* **EXERCISE**
Go through the records below and restate each one word for word.

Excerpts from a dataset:

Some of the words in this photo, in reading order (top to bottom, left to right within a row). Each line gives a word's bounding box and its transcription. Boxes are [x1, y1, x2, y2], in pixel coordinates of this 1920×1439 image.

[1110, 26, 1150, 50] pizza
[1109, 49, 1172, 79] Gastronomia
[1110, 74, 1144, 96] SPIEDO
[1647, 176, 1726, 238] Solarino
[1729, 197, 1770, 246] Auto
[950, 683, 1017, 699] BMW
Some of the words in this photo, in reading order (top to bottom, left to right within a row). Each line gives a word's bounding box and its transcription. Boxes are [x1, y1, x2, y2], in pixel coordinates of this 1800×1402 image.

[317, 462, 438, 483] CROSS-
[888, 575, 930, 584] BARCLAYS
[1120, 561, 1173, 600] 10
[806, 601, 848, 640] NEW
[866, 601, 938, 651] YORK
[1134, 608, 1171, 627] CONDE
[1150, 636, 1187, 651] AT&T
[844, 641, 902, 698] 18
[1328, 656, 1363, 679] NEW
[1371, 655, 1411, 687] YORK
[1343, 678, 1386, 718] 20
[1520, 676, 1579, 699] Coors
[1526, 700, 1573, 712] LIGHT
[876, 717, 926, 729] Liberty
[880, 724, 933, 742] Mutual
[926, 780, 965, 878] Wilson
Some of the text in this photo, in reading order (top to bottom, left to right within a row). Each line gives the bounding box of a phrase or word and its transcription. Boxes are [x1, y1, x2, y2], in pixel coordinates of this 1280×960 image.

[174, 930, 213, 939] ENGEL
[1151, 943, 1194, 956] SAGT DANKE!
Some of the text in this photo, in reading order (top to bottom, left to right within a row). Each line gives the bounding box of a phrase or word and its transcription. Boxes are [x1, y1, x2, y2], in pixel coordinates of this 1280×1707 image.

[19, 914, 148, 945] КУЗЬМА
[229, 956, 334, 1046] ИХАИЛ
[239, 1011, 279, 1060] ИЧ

* **OUTPUT OF THE EXERCISE**
Some of the words in this photo, in reading order (top to bottom, left to right within a row). Each line gives a word's bounding box and its transcription. Boxes are [x1, y1, x2, y2], in pixel coordinates of this 1920×1439 image.

[1110, 26, 1150, 50] pizza
[1109, 49, 1172, 79] Gastronomia
[1110, 74, 1144, 96] SPIEDO
[1647, 176, 1726, 238] Solarino
[1729, 197, 1770, 246] Auto
[950, 683, 1017, 699] BMW
Some of the words in this photo, in reading order (top to bottom, left to right within a row). Each line gives a word's bounding box and its transcription. Boxes are [x1, y1, x2, y2], in pixel coordinates of this 1800×1402 image.

[317, 462, 438, 483] CROSS-
[888, 575, 930, 584] BARCLAYS
[1120, 561, 1173, 600] 10
[806, 601, 848, 640] NEW
[866, 601, 938, 651] YORK
[1134, 608, 1171, 627] CONDE
[1150, 636, 1187, 651] AT&T
[844, 641, 902, 698] 18
[1328, 656, 1363, 679] NEW
[1371, 655, 1411, 687] YORK
[1343, 678, 1386, 718] 20
[1520, 676, 1579, 699] Coors
[1526, 700, 1573, 712] LIGHT
[876, 717, 926, 729] Liberty
[880, 724, 933, 742] Mutual
[926, 780, 965, 878] Wilson
Some of the text in this photo, in reading order (top to bottom, left to right within a row). Each line gives the bounding box of a phrase or word and its transcription. Boxes are [x1, y1, x2, y2], in pixel coordinates of this 1280×960 image.

[174, 930, 213, 939] ENGEL
[1151, 943, 1194, 956] SAGT DANKE!
Some of the text in this photo, in reading order (top to bottom, left to right within a row). Each line gives the bounding box of a phrase or word and its transcription. Boxes are [x1, y1, x2, y2], in pixel coordinates of this 1280×1707 image.

[19, 914, 148, 945] КУЗЬМА
[229, 956, 334, 1046] ИХАИЛ
[239, 1011, 279, 1060] ИЧ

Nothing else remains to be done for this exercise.